Later, James writes, “You do well when you really fulfill the royal law found in scripture, Love your neighbor as yourself. But when you show favoritism, you are committing a sin, and by that same law you are exposed as a lawbreaker.” (2:8-9, CEB). God is the maker of us all. All people are connected to one another regardless of anyone’s social or economic position. When we disregard or deride the poor—or anyone whom we consider an “other”—we’re insulting the God who created them.

There’s a family element here. It doesn’t matter who we are, where we’re from, what we have, or what we’ve done. We are community. The Lord is the maker of us all.

The proverb in verse 8 has a cause and effect theme. Whoever sows injustice will reap calamity. It reminds us that there are consequences for our actions.

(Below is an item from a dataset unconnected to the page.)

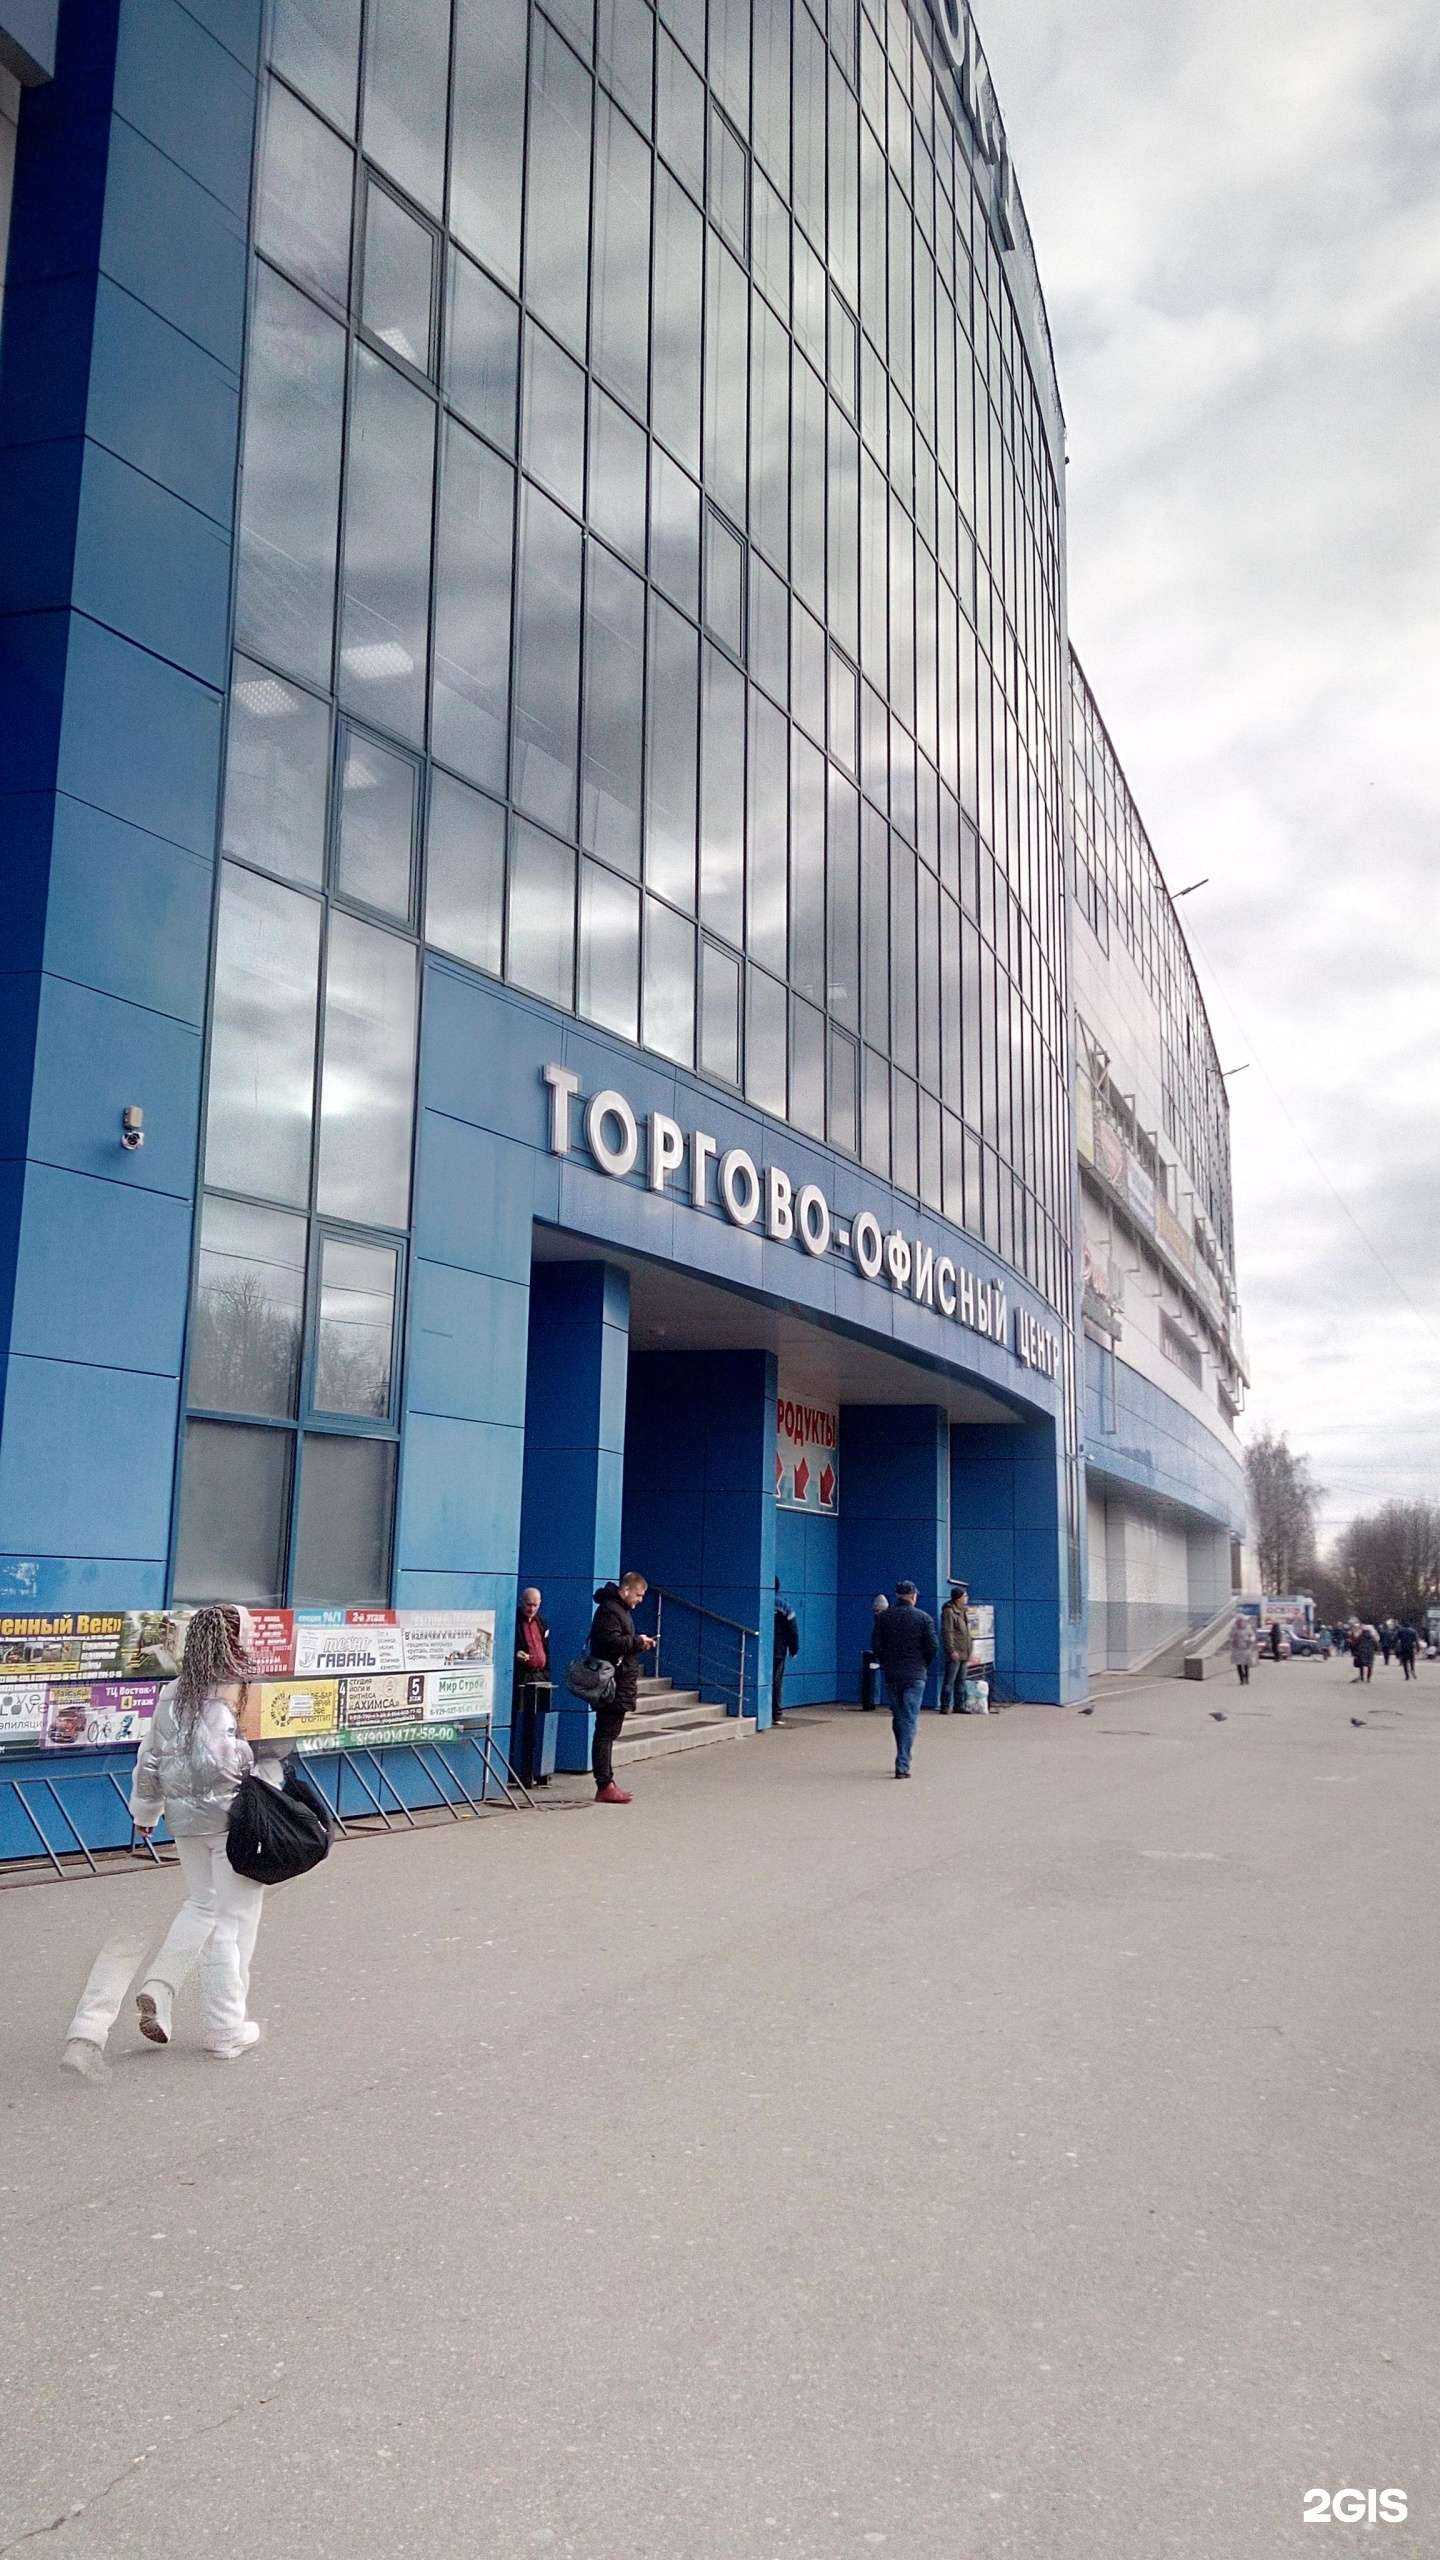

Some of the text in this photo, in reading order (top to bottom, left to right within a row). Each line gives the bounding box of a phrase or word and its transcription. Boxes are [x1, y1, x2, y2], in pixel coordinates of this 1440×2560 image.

[541, 1062, 1060, 1380] ТОРГОВО-ОФИСНЫЙ ЦЕНТР
[317, 1652, 376, 1668] ГАВАНЬ

As with a lot of the proverbs, this one seems to be geared toward those in positions of authority such as government and legal officials. However, it’s applicable to any kind of authority figure. The rod in question is the scepter. Those who use their position of authority to abuse or oppress others will face consequences. Whether those consequences are temporal or eternal, it doesn’t say. I think it’s probably both. Sin always has both temporal and eternal consequences. But, personally, I don’t want to find out for myself.

The proverb in verse 9 moves us along in the theme of rich and poor. The word used for poor can also mean weak or helpless. In this case, it suggests the poor who don’t have enough to eat. Generosity is a spiritual discipline. When we’re generous with what we have, we are blessed, not only because we’ve helped someone, but it goes back to that “good name” thing from verse 1. What are you known for? If you’re known as a generous person, that’s a blessing in and of itself. We’re called to be generous. It’s supposed to be part of who we are as Christians. God has given us everything we have. Do we give a tithe back to God, which is 10%, like God asks? Do we give of ourselves to those in need?

Together, verses 8 and 9 go along with the first two General Rules of Methodism: “Do no harm,” and “Do good.” Did you know these are the first two General Rules of our United Societies? There are only three of them. Do no harm. Do good. Attend to the means of grace. When we hold these two proverbs together, it seems the point is that we have choices we can make. We can choose a path that is wise or we can choose a path that is foolish; the path of blessing or of calamity. Instead of causing harm, we want to do no harm. Instead of doing no good, we want to do good.

The final proverb in verses 22 and 23 reminds me of my middle school gym teacher, Mr. LeDuc. If he ever caught someone picking on another kid, he would yell at the bully in the middle of the class and declare that he was on the side of the “little guy.” It was terrifying and hilarious at the same time.

No one should take advantage of the poor, the disadvantaged, the humble, the weak, or the helpless. It’s never okay to beat people down just because they’re already down. It’s not okay to throw justice out the window. “The Lord pleads their cause and despoils of life those who despoil them.” In other words, the Lord’s gonna come against the oppressors like Mr. LeDuc on a bully. It won’t be pretty. There won’t be much left of the oppressor’s good name when God executes that justice.

We can all choose our path. In almost any circumstance there’s a path of wisdom and a path of folly. God calls us, through wisdom, to act responsibly, to give generously, to live righteously, and to recognize the God-given beauty in each other. A good name is rather to be chosen than great riches, and God is the maker of us all.

In the name of the Father, and of the Son, and of the Holy Spirit, Amen!

(Scripture quotations are from the New Revised Standard Version [NRSV] unless otherwise noted. CEB refers to the Common English Bible).